FOGGIA - “L’eliminazione fisica di Antonio Fratianni era volta a riaffermare la supremazia sul territorio del clan Francavilla dopo che la vittima designata aveva non solo disatteso le pretese economiche della batteria, ma aveva anche osato ordire un mortale agguato a un boss del clan” (Antonello Francavilla, ndr). “Erano evenienze che imponevano di riaffermare la credibilità del sodalizio sul territorio, inviando un messaggio forte e univoco non soltanto agli associati delle altre batterie della Società foggiana, ma anche ad altri imprenditori che si trovavano o si sarebbero trovati nelle medesime condizioni”. Lo scrivono i tre giudici del Tribunale della libertà di Bari in un passaggio delle motivazioni del provvedimento con cui un mese fa (come pubblicato dalla Gazzetta il 28 agosto ndr) rigettarono le richieste difensive di scarcerare 4 dei 6 foggiani fermati dalla squadra mobile il 22 luglio su decreti della Dda per tentato omicidio di Fratianni aggravato dalla mafiosità. Agguato che doveva avvenire la sera del 26 giugno, sventato dalla squadra mobile che in quel periodo intercettava alcuni dei sospettati.

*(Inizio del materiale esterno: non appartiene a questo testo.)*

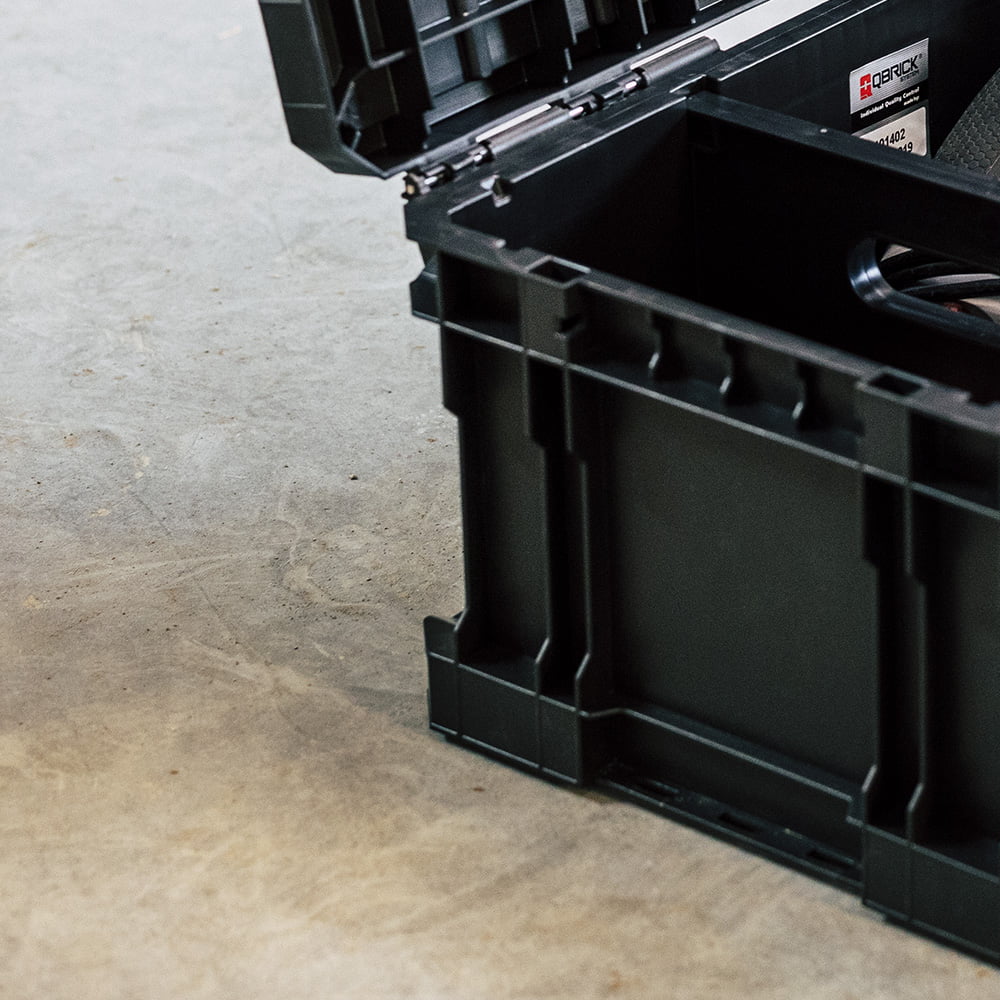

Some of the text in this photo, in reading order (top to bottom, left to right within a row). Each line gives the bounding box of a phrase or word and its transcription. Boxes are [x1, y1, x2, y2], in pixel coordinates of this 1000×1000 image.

Il blitz portò dietro le sbarre Emiliano Francavilla, 43 anni, al vertice dell’omonimo clan, scarcerato a fine marzo dopo quasi 12 anni in cella per vari processi; il genero Giovanni Consalvo, 31 anni; Michele Ragno, 46 anni; Giuseppe Sonnino, 51 anni (i 4 indiziati i cui ricorsi difensivi sono stati rigettati dal Tdl); Mario Lanza, 65 anni; il figlio Antonio Lanza di 42 anni; e un dipendente di Fratianni scarcerato poche ore dopo il fermo su disposizione della stessa Dda per la collaborazione fornita. Fratianni è stato a sua volta fermato il 2 agosto su decreto della Dda di Roma in quanto accusato di aver tentato di uccidere Antonello Francavilla (fratello maggiore di Emiliano, come lui ritenuto uno dei capi della batteria Sinesi/Francavilla) e il figlio minorenne, nell’agguato avvenuto il 2 marzo scorso a Nettuno nell’abitazione dove il malavitoso era ai domiciliari. A dire dell’accusa Fratianni voleva uccidere Antonello Francavilla per non restituirgli un ingente somma di denaro ricevuta due anni prima per costruire un palazzo. L’imprenditore, che si dice innocente e sostiene d’essere vittima di un tentativo di estorsione da parte di Antonello Francavilla, doveva quindi essere ammazzato – secondo giudici e poliziotti – sia per non aver restituito i soldi avuti dal clan Francavilla/Sinesi per investirli, sia per aver cercato di ammazzare Antonello Francavilla e il figlio.
Gli avvocati Claudio Caira (per Emiliano Francavilla E Consalvo) e Antonello Genua (per Ragno e Sonnino) ricorreranno in Cassazione contro la decisione del Tribunale della libertà di Bari. I legali sostengono che non ci sono indizi gravi a carico degli indagati; e comunque pur ammettendo l’esistenza di un piano per uccidere Fratianni, non entrò nella fase esecutiva per cui il reato non sussiste “per inidoneità dell’azione”. Per il Tdl invece “gli indagati capeggiati da Emiliano Francavilla attuarono concretamente il programma criminoso; posizionarono un gps sull’auto della vittima per monitorarne movimenti e apprenderne abitudini di vita; individuarono la base logistica nella proprietà dei Lanza a pochi chilometri dal casello autostradale dell’A/14 dove avrebbero compiuto l’attentato; reperirono quanto necessario ad agire (Fiat 500 rubata, torce auto incendiati e benzina per distruggere macchina e tracce dell’agguato); individuarono precisi ruoli; s’appostarono armati in attesa dell’arrivo della vittima, dopo la partenza del dispositivo gps. Si è quindi andati ben al di là della mera programmazione dando inizio all’azione esecutiva”.